Directions for this task | Each entry has to be set down again with no alteration.

────────────────────

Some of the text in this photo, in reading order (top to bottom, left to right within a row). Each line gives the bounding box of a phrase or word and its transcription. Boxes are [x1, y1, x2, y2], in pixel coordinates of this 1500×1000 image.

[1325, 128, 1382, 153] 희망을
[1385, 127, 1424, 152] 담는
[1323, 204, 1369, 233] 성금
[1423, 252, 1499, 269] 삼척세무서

────────────────────

Solution below |
Some of the text in this photo, in reading order (top to bottom, left to right within a row). Each line gives the bounding box of a phrase or word and its transcription. Boxes are [x1, y1, x2, y2], in pixel coordinates of this 1500×1000 image.

[1325, 128, 1382, 153] 희망을
[1385, 127, 1424, 152] 담는
[1323, 204, 1369, 233] 성금
[1423, 252, 1499, 269] 삼척세무서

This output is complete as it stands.